Как тонко подметил Т.Адорно, «Жест необходимости все забыть и все простить, приличествующий лишь тому, кто испытал несправедливость, практикуется сторонниками тех, кто виновен в совершении этой несправедливости». Далее он пишет: «Трудно понять, как люди не испытывают стыда, приводя аргументы вроде того, что в газовых камерах было уничтожено не более пяти миллионов евреев, но никак не шесть. Иррациональным является также широко распространенный взаимный зачет вины - будто Дрезден сполна искупил Освенцим. В построении подобных расчетов, в суетливых попытках при помощи встречных обвинений освободить себя от мук совести есть что-то нечеловеческое. Разрушения во время военных действий, образцами которых, между прочим, являлись Ковентри и Роттердам, вряд ли можно сравнивать с административным убийством миллионов невинных людей. Но оспаривается даже и их невиновность, очевидная и несомненная. Непомерность содеянного заставляет оправдываться»[45].
Т.Адорно пишет о том, что одной из причин фальсификаций в западной историографии является старый тезис о защите от «русской угрозы». Именно он оправдывает нападение Гитлера на СССР. Гитлер становится борцом с большевизмом, «цепным псом», сдерживающим натиск с Востока. «Забывают всего лишь (!) о том, что сама эта угроза вызвана именно действиями Гитлера, навлекшего на Европу именно то, чему согласно желаниям «умиротворителей» он, развязав экспансионистскую войну, должен был бы воспрепятствовать[46].
Фашизм продолжает свою политическую жизнь и сегодня. Это свидетельствует о том, что «проработка прошлого» не завершилась, и все еще продолжают существовать объективные общественные предпосылки, из которых фашизм произрос.

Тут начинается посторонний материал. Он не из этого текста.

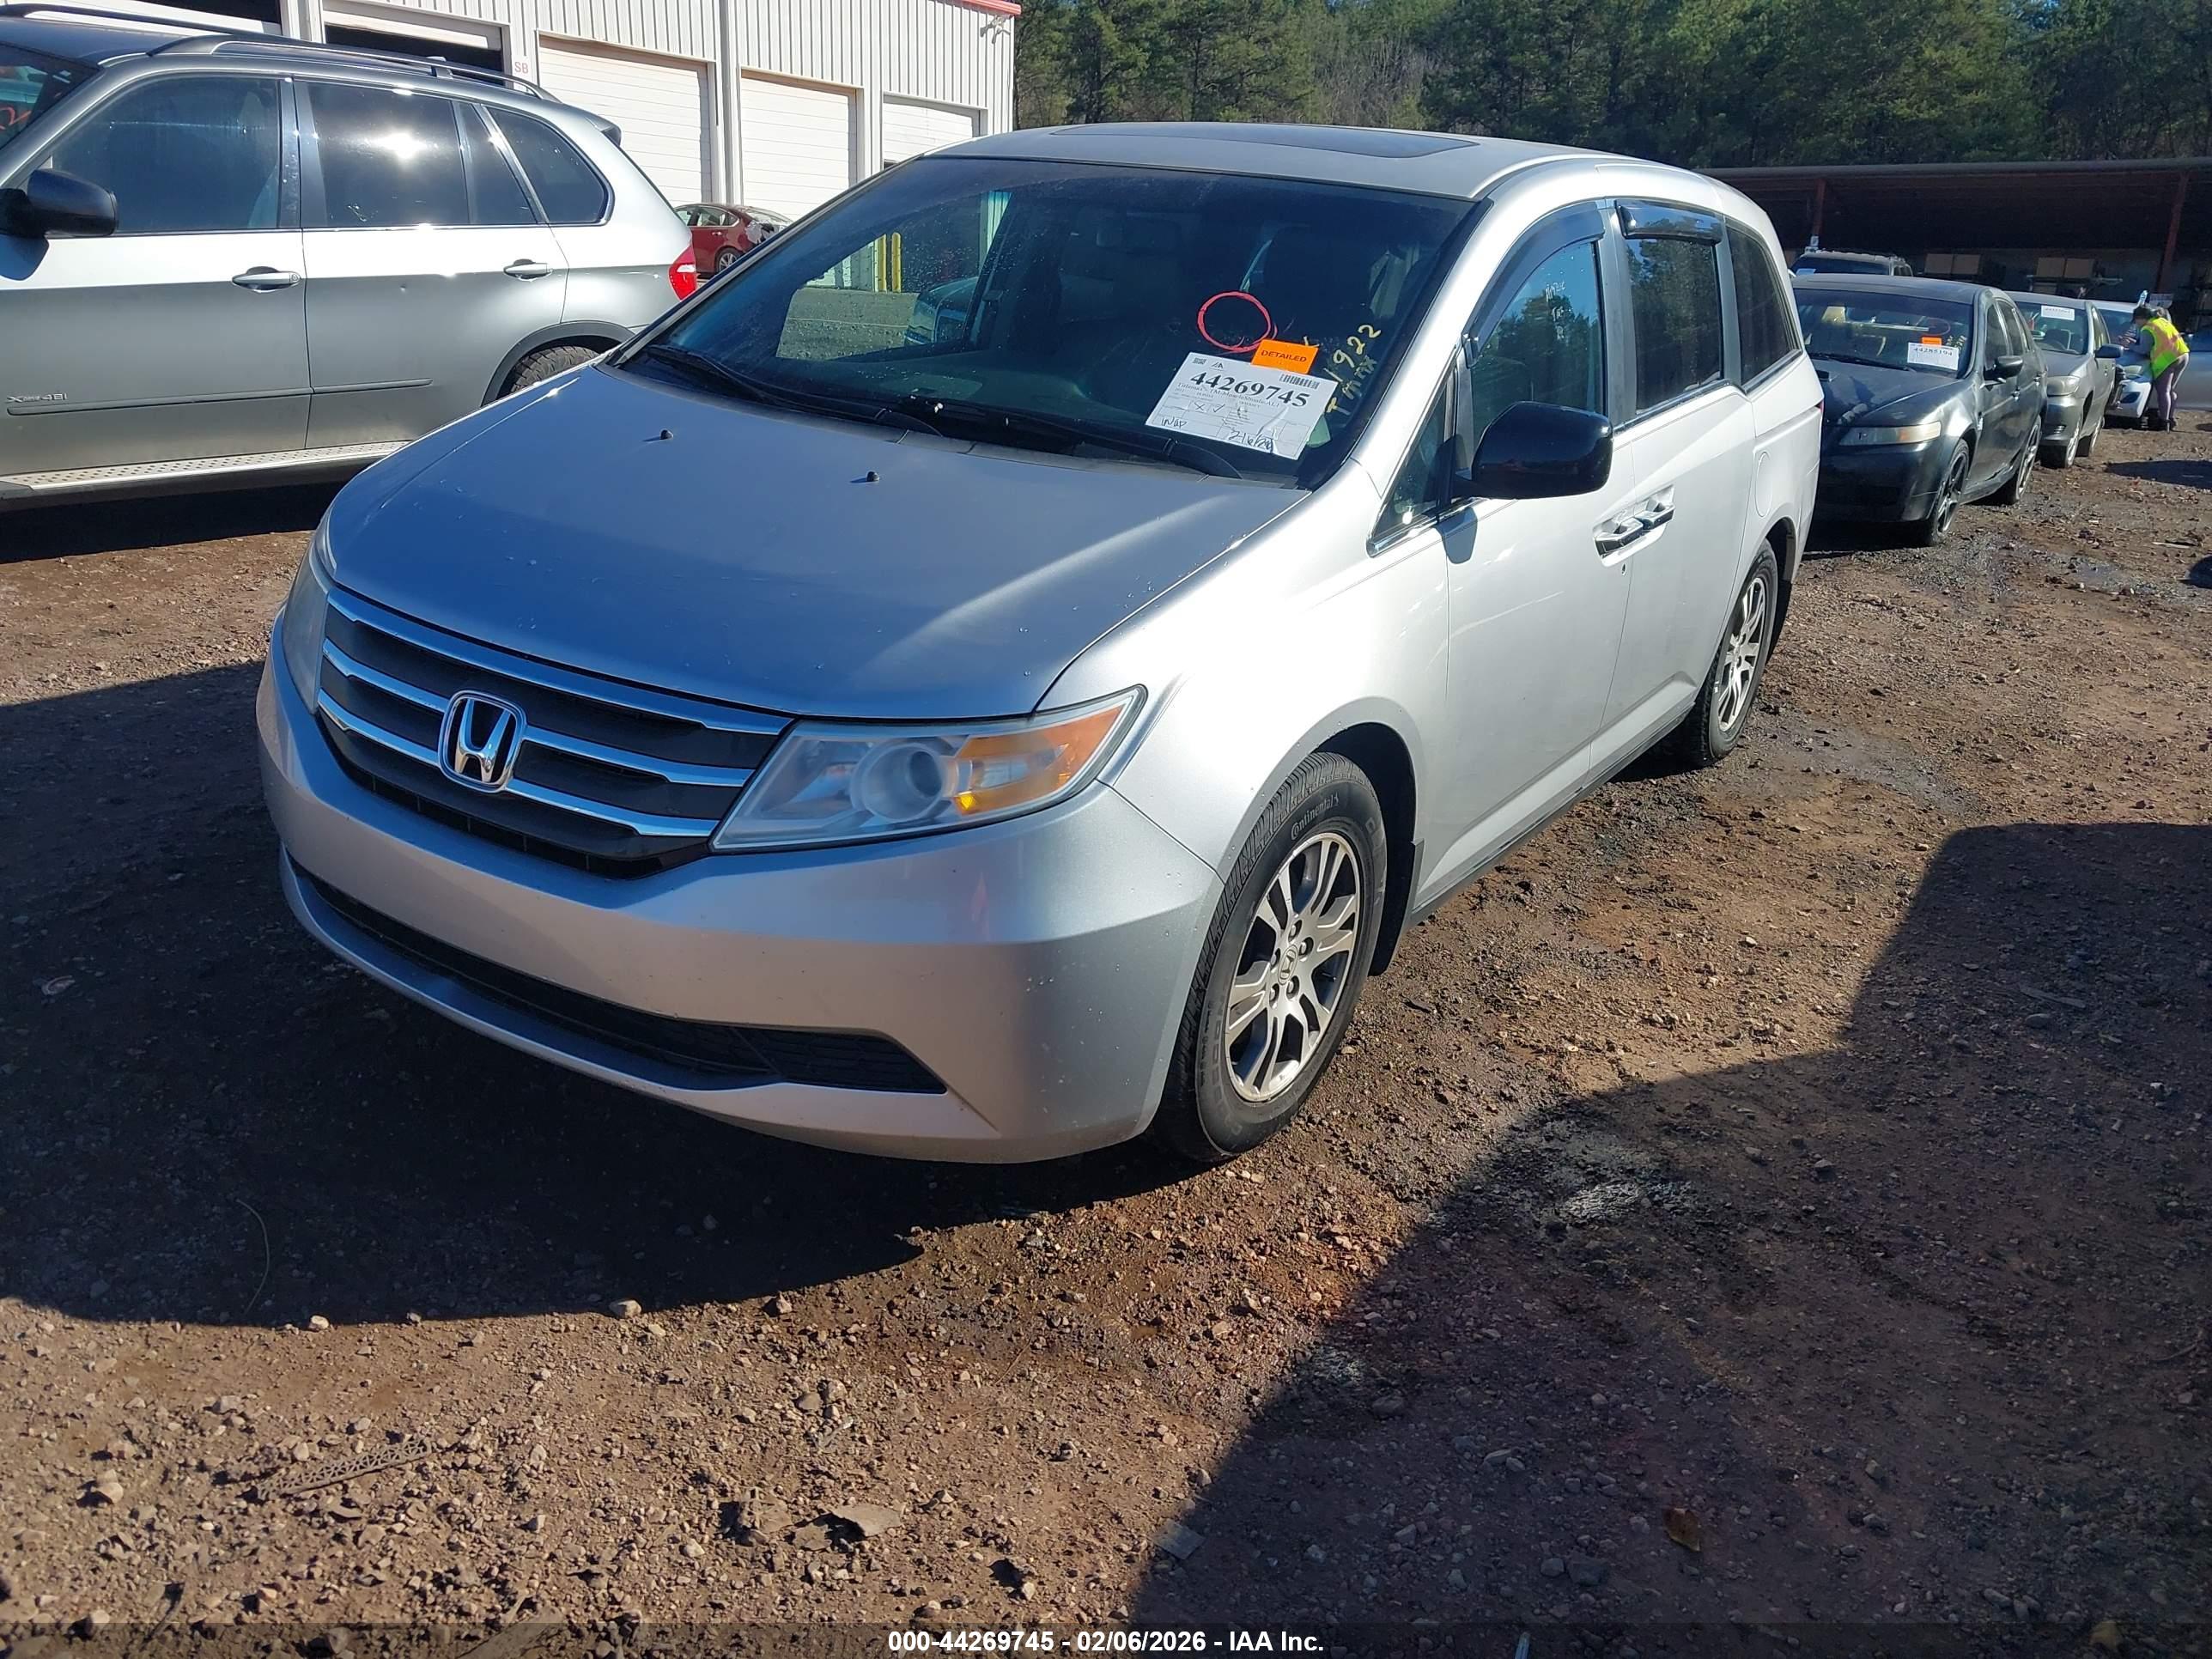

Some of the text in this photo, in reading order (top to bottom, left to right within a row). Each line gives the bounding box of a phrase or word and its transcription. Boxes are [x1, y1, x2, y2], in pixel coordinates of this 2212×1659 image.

[1261, 349, 1307, 362] DETAILED
[1190, 372, 1310, 408] 44269745
[1291, 794, 1334, 841] Continental
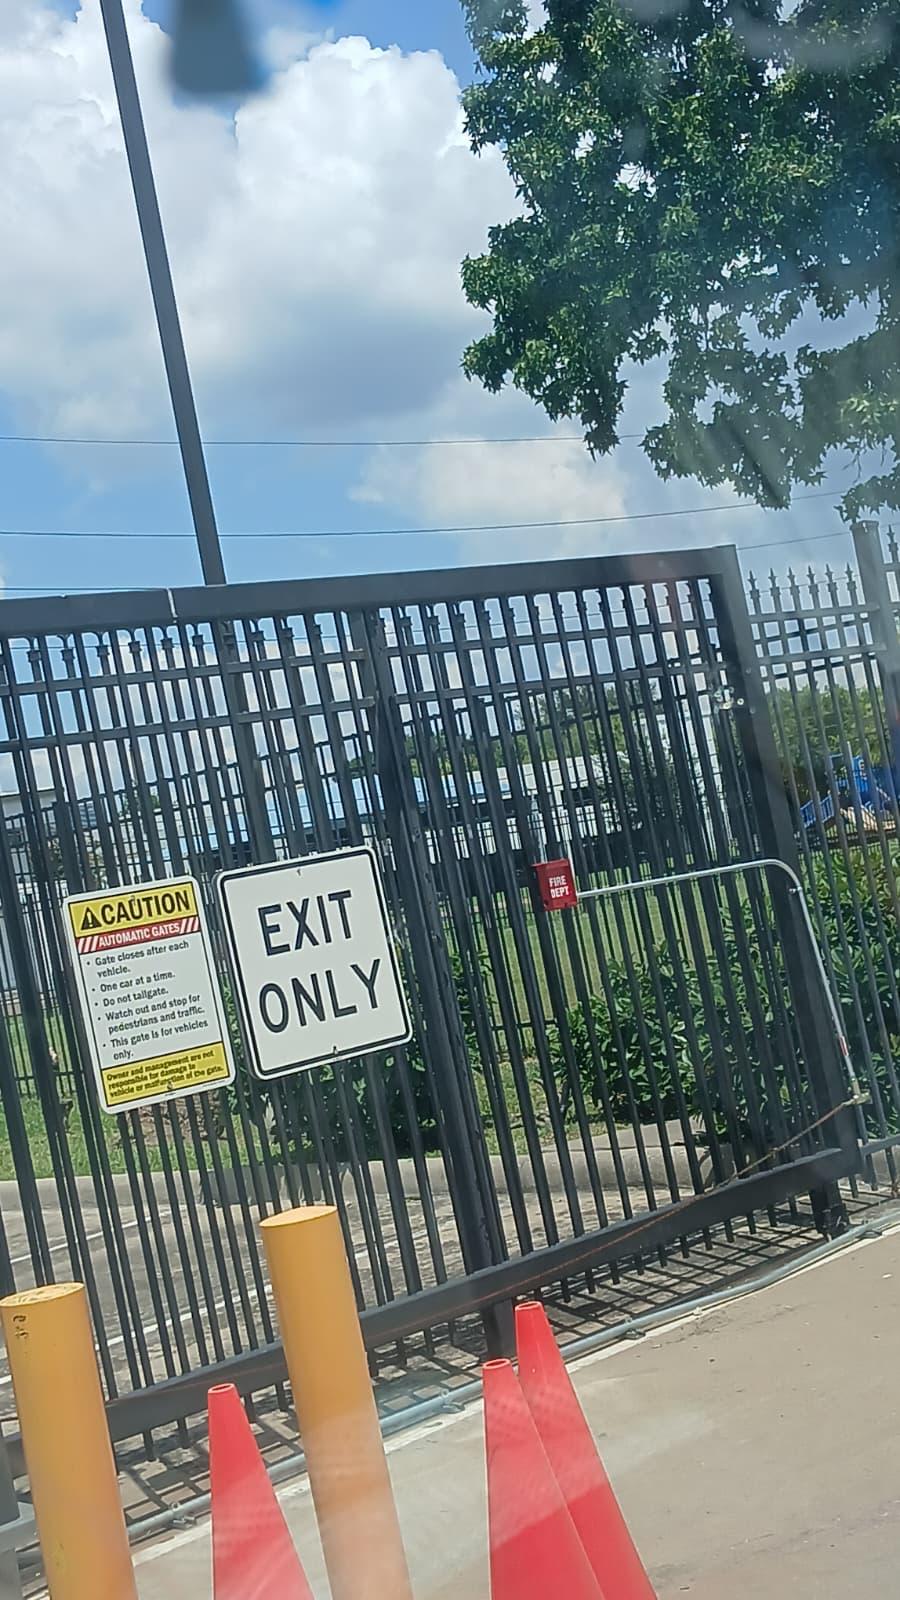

Необходимость постоянного приспособления под объективные обстоятельства жизни, отождествление себя с «существующим данным» и властью «создает тоталитарный потенциал». «И так как действительность, в конце концов, не дает той автономии и того возможного счастья, которое вообще-то обещает понятие демократии, то к ней относятся индифферентно, если и вовсе не питают к ней тайную ненависть. Форма политической организации переживается как не соответствующая общественной и экономической реальности… Для людей, постоянно переживающих реальное бессилие, лучшее непереносимо даже как видимость. Они предпочитают избавиться от обязанности автономного существования, в отношении которого у них возникает подозрение, что они не смогут соответствовать ему, и бросаются в плавильный котел коллективного «я» [47]. Не знаю, стоит ли подчеркивать, что это наблюдение Т.Адорно напрямую относится и к нам.